SOLUTION BEHAVIOR OF LIGHTLY SULFONATED POLYSTYRENE AND POLY(STYRENE-CO-4-VINYLPYRIDINE) COMPLEXES IN DIMETHYLFORMAMIDE

The solution behavior of blends of lightly sulfonated polystyrene (SPS) and poly(styrene-co-4-vinylpyridine) (PSVP) was studied as a function of blend composition, copolymer composition, the SPS counterion, and solvent polarity. Complexation between PSVP and metal-neutralized SPS occurred in dimethylformamide (DMF) solutions, but no intermolecular interactions were noticeable for blends containing the sulfonic acid derivative.
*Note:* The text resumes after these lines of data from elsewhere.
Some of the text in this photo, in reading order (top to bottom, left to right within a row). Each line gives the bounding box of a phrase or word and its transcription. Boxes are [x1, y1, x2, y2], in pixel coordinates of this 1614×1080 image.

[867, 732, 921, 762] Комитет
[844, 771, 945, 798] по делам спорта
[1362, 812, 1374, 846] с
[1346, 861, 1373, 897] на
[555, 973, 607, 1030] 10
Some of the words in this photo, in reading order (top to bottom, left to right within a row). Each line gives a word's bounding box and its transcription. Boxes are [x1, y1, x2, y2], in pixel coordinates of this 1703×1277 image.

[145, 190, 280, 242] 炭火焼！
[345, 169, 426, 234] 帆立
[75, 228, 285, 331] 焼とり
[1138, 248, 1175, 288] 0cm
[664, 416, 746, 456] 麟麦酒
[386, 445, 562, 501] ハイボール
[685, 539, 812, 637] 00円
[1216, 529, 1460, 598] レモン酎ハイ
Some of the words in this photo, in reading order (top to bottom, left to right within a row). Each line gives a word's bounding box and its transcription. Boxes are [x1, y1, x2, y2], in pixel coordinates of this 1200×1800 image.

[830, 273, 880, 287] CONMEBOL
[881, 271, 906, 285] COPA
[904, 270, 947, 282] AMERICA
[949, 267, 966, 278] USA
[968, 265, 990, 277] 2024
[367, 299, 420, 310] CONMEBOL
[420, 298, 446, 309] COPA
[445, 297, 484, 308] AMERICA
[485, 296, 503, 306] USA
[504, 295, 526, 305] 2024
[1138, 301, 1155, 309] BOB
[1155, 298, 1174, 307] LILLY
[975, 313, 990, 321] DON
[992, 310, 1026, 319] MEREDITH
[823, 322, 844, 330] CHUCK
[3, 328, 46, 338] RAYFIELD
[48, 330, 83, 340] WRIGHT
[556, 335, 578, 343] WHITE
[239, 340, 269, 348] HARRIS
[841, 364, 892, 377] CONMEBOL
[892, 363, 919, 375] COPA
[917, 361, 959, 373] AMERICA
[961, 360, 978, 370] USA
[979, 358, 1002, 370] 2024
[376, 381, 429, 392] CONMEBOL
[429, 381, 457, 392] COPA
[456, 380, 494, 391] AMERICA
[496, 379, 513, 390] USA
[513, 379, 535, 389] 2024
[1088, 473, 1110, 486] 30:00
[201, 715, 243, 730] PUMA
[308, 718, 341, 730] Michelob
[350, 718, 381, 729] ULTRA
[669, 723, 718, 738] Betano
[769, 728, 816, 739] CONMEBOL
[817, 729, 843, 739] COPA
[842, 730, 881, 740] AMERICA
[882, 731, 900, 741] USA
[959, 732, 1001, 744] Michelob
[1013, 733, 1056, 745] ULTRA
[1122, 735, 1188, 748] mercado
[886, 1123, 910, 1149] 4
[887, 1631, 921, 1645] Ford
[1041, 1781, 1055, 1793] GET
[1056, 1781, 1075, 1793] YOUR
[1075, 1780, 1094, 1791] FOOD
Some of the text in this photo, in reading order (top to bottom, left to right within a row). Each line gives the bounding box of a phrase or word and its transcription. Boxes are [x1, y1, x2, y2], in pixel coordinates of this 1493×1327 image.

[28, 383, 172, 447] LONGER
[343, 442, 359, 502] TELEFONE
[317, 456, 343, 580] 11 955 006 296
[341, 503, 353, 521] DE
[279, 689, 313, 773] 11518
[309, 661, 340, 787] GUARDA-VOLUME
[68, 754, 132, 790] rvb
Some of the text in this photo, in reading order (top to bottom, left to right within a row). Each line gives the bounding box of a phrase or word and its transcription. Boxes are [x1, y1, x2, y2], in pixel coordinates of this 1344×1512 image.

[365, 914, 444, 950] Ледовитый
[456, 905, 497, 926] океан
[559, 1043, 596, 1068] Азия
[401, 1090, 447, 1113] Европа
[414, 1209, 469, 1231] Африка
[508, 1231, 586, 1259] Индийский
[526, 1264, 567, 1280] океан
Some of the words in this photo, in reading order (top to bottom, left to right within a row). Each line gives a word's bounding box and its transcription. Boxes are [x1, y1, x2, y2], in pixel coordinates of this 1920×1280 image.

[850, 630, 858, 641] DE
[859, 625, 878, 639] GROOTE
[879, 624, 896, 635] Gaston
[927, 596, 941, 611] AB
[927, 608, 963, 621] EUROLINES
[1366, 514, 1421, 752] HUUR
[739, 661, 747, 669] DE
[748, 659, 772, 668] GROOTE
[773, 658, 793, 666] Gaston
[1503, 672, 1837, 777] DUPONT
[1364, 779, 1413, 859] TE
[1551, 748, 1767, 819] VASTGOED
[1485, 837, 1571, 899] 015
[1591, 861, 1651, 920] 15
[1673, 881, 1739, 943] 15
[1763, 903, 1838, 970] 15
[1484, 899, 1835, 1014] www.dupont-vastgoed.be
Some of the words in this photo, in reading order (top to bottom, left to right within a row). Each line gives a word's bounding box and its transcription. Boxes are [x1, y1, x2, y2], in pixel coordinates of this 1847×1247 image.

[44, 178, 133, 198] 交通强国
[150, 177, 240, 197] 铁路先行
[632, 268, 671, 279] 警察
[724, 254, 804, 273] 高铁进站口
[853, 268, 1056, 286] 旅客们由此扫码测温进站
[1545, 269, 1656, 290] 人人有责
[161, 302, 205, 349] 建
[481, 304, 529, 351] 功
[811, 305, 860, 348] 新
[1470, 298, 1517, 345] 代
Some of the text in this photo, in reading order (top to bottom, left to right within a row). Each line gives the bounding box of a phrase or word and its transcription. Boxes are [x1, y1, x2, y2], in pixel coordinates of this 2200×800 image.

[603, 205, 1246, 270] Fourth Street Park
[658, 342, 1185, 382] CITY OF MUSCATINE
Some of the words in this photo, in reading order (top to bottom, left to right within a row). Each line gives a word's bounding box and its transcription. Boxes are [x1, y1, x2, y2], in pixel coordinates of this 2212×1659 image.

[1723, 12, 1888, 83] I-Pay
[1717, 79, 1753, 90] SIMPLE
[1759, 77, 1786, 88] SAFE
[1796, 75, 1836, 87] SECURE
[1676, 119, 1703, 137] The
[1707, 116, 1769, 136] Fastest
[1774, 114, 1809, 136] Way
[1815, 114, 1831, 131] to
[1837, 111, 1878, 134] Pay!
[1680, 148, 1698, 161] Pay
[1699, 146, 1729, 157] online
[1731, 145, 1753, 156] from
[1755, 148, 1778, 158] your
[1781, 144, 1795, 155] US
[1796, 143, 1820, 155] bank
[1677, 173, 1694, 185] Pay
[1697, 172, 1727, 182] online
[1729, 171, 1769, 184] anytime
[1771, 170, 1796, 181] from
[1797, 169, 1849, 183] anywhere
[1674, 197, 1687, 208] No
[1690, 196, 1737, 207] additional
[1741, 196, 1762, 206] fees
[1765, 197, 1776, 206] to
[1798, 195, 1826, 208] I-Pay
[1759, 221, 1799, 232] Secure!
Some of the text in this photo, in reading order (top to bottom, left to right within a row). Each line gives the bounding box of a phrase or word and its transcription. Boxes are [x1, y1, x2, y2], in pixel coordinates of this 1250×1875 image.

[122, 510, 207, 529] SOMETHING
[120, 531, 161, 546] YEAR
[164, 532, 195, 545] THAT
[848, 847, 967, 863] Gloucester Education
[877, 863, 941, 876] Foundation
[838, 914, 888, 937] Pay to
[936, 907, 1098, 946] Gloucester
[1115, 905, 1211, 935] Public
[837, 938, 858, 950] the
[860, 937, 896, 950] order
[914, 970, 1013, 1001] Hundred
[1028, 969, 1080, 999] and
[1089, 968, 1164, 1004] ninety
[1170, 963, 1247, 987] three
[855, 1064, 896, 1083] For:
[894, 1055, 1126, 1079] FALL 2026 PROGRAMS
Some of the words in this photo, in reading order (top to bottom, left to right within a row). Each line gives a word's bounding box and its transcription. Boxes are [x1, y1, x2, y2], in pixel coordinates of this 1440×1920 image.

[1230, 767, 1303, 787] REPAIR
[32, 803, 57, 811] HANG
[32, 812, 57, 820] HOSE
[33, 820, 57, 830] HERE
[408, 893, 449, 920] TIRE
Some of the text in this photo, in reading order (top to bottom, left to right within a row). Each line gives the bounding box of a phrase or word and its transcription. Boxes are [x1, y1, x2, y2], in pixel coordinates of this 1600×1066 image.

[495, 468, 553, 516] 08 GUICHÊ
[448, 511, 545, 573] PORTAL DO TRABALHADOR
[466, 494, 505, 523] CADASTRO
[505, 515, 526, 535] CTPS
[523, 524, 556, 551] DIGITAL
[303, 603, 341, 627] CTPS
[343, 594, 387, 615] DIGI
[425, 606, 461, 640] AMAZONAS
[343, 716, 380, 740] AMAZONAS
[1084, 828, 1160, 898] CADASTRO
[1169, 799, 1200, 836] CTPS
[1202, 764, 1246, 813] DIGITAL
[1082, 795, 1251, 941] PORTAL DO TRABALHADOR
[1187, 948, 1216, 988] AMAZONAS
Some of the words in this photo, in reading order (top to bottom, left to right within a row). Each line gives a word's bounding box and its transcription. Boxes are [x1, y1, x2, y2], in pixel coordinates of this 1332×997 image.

A maximum in the viscosity occurred at a vinylpyridine to sulfonate ratio of ca. 6:1. This ratio was found to be relatively independent of solvent polarity, composition of the copolymers, and the cation used. The magnitude of the viscosity maximum, however, increased with decreasing solvent polarity and with increasing functionality of the two polymers. Transition metal cations formed the strongest interactions as judged by the largest viscosity increase. The viscosity of blends using the alkali and alkaline earth metal salts of SPS decreased with increasing electrostatic field strength (q/r) of the cation. The solution viscosity for the blends in a mixed solvent of toluene/methanol (95/5v/v) was thixotropic, but the viscosity increased slowly when the shear deformation was stopped.